▸ **PROBLEM DETAILS**:
An exact reproduction of the records is required. Images must be left out.

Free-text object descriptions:
=== Section Start ===
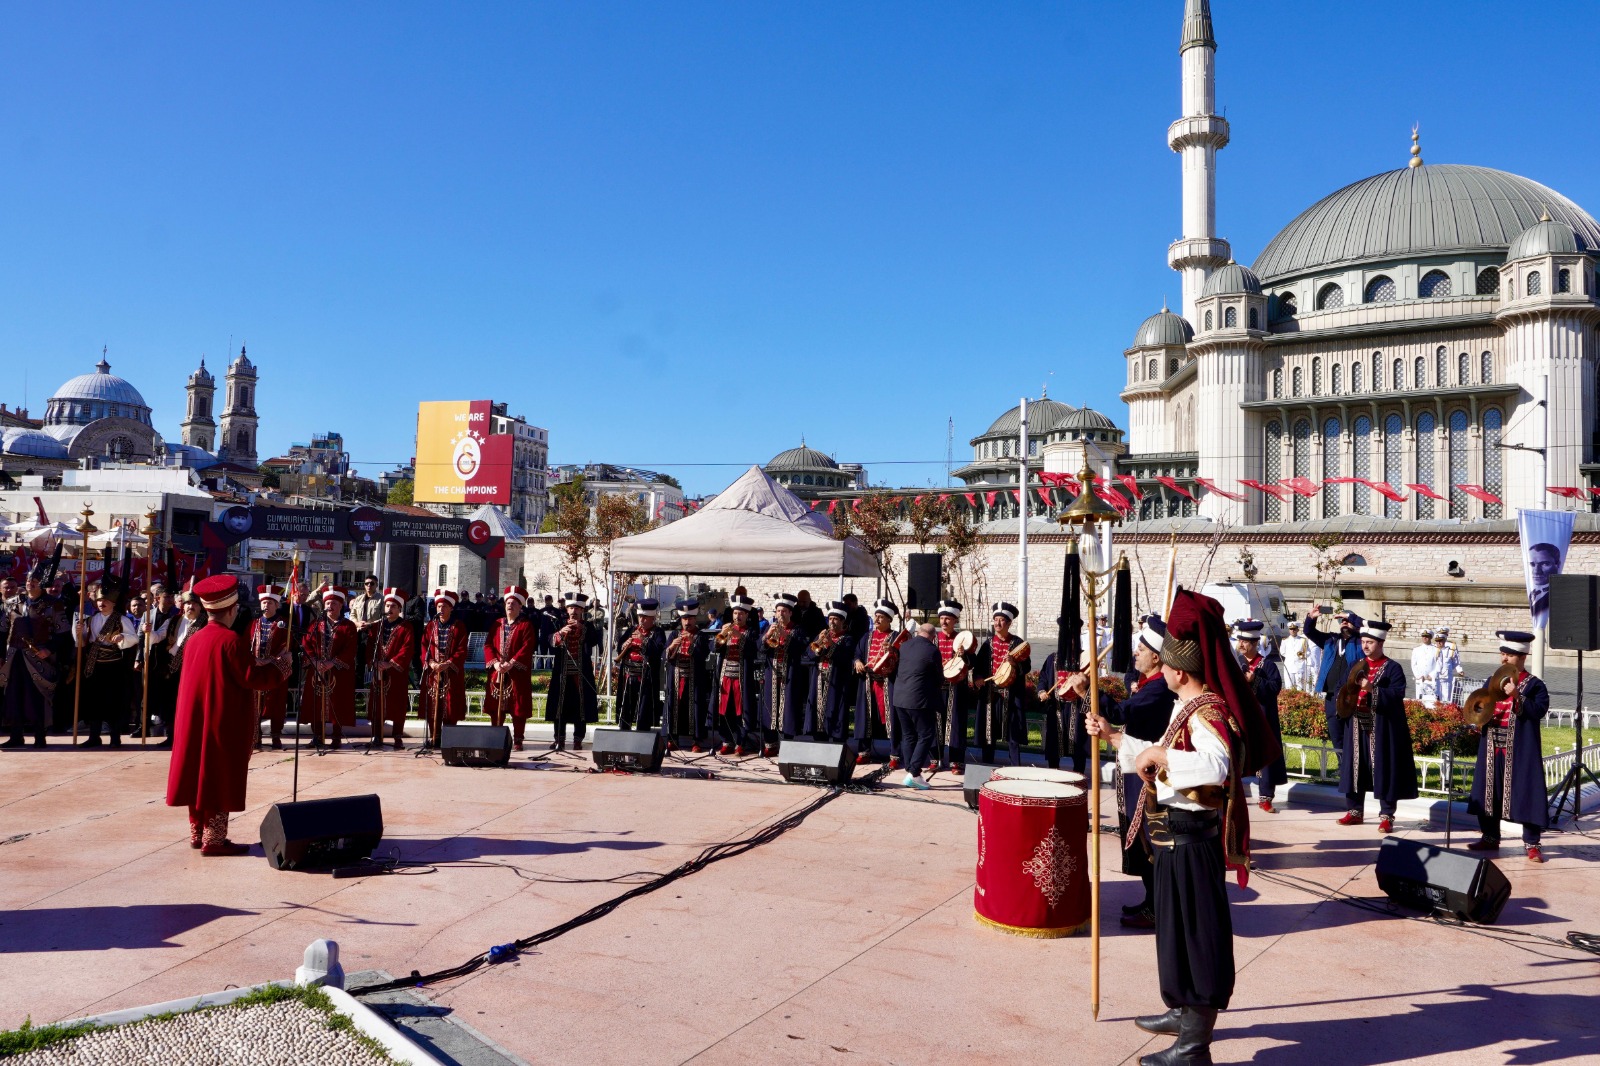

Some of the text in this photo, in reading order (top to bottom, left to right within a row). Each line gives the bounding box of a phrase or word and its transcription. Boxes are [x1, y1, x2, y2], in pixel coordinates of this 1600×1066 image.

[468, 413, 484, 421] ARE
[434, 486, 498, 494] THE CHAMPIONS
[293, 524, 313, 532] KUTLU
[314, 525, 334, 533] OLSUN
[426, 523, 463, 531] ANNIVERSARY
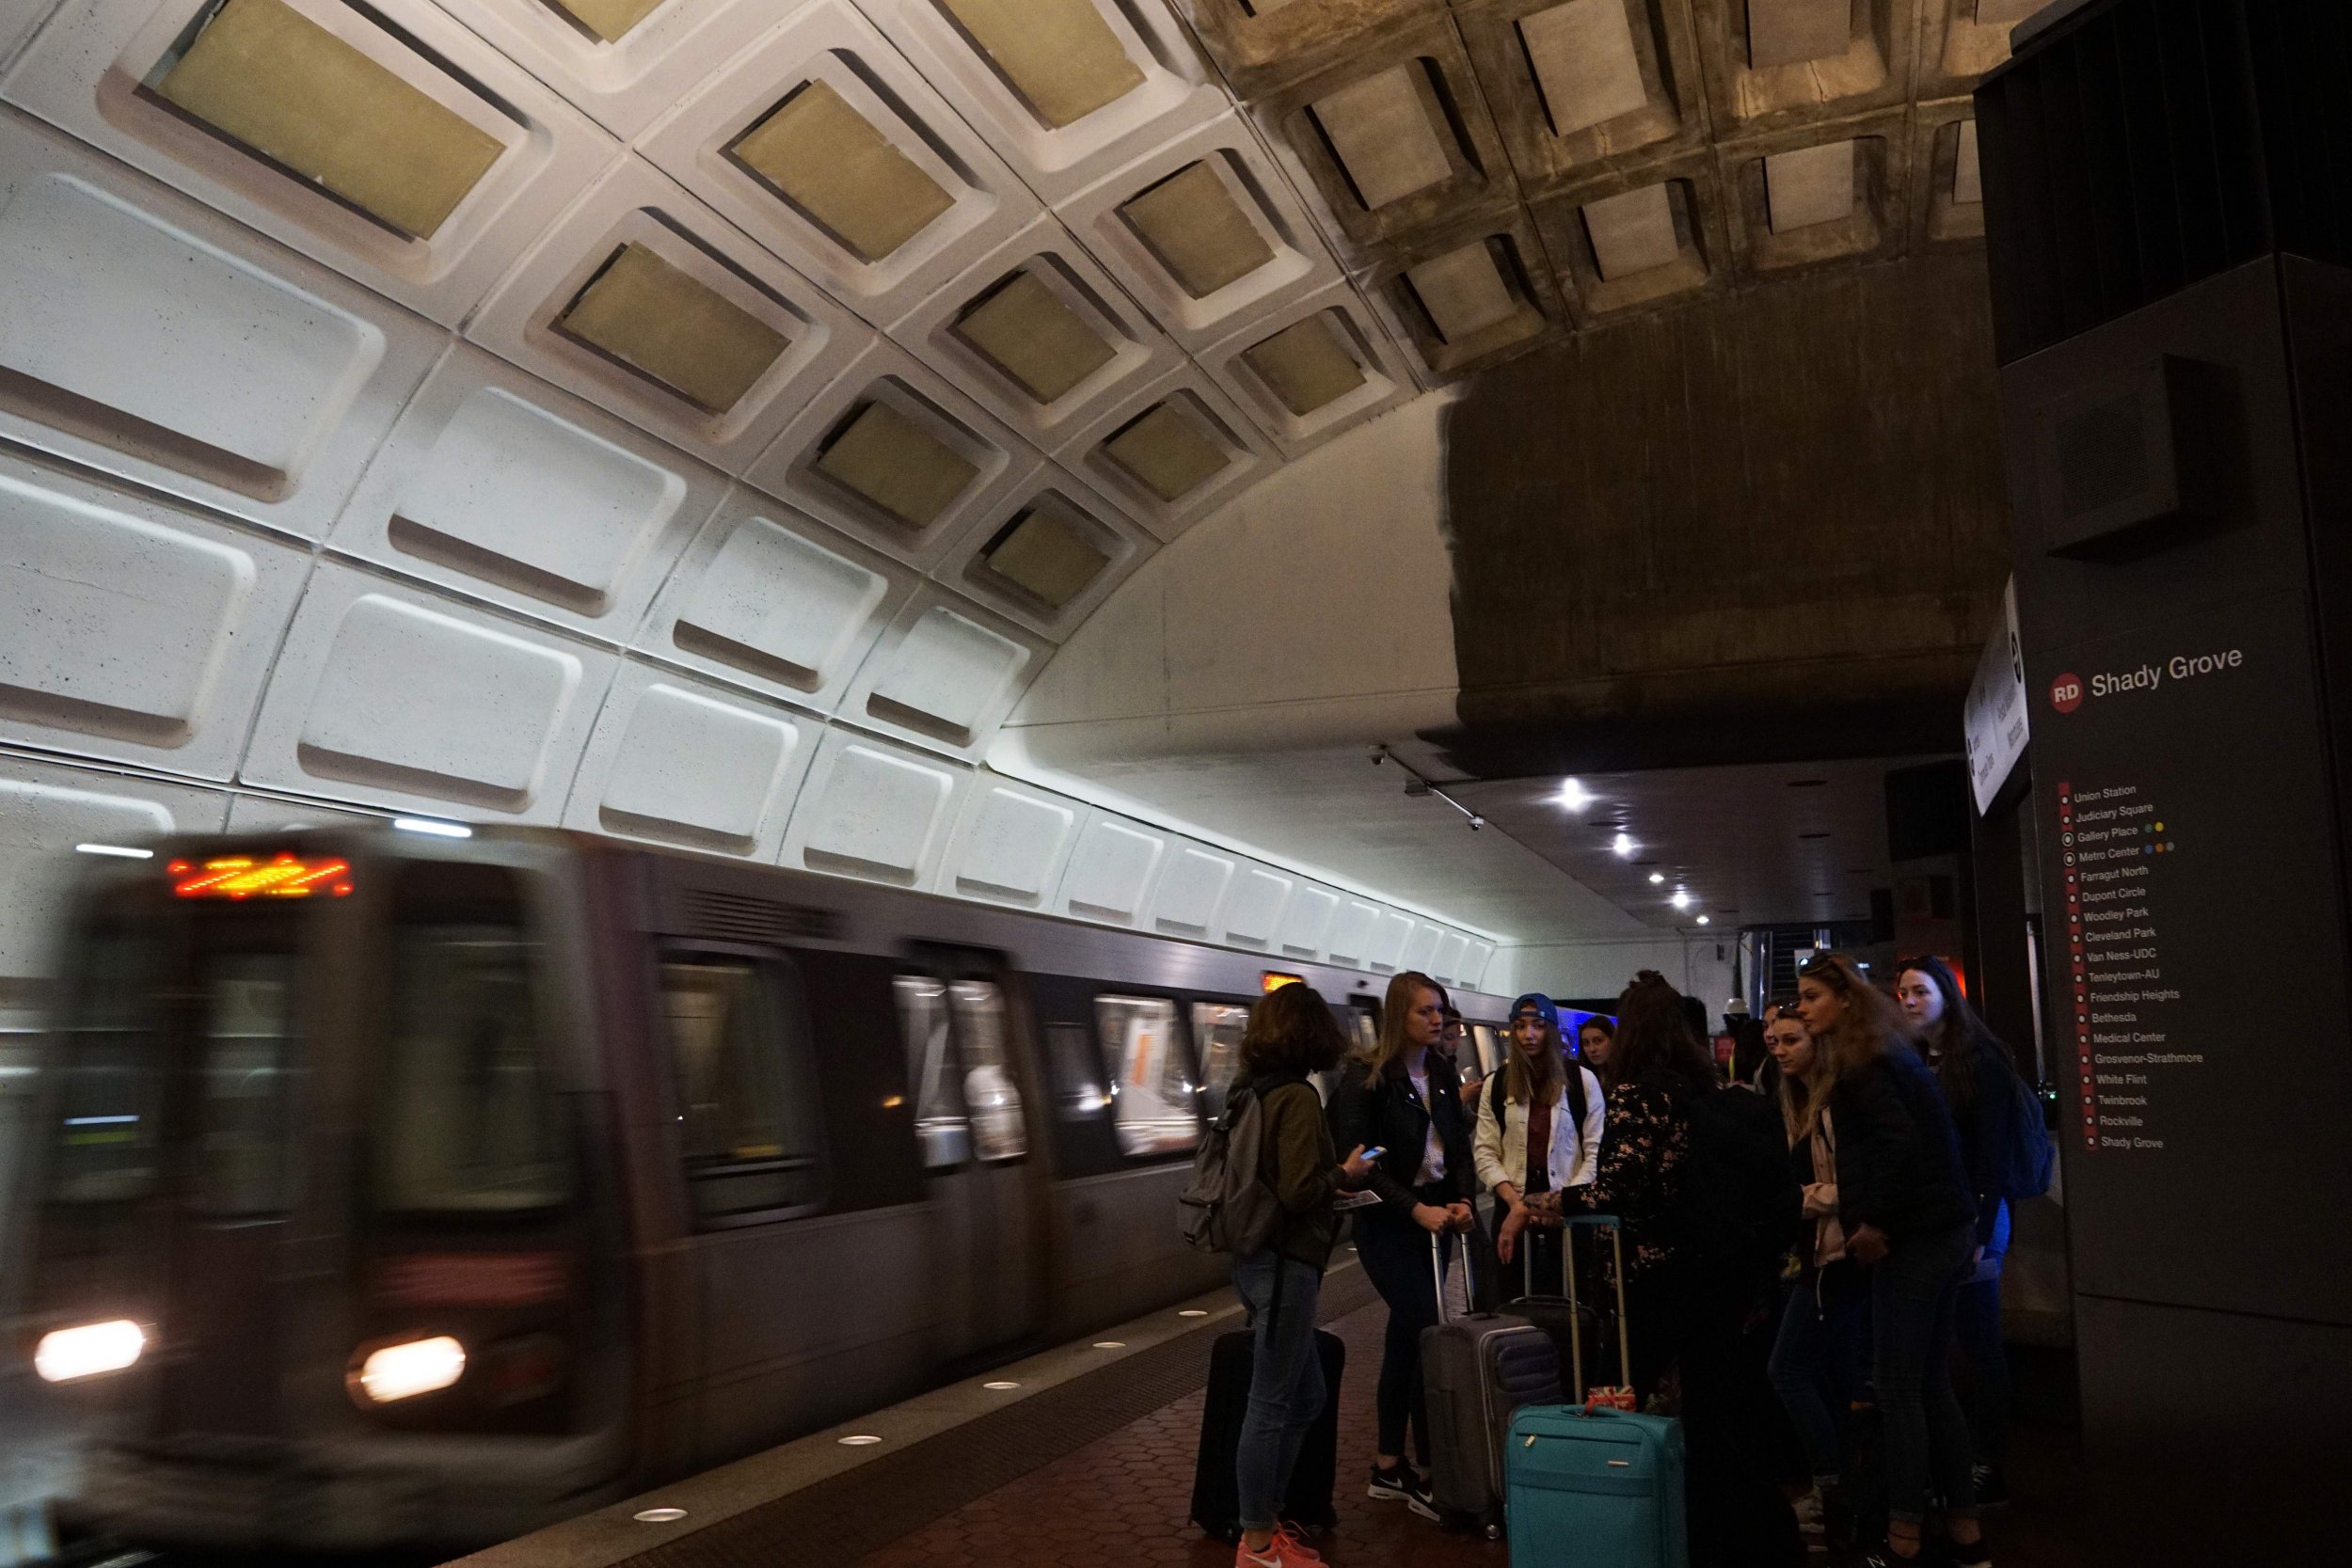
=== Section End ===
▸ **YOUR RESPONSE**:
Some of the text in this photo, in reading order (top to bottom, left to right within a row). Each line gives the bounding box of a phrase or word and its transcription. Boxes are [x1, y1, x2, y2], in pixel coordinates of this 1600×1066 image.

[468, 413, 484, 421] ARE
[434, 486, 498, 494] THE CHAMPIONS
[293, 524, 313, 532] KUTLU
[314, 525, 334, 533] OLSUN
[426, 523, 463, 531] ANNIVERSARY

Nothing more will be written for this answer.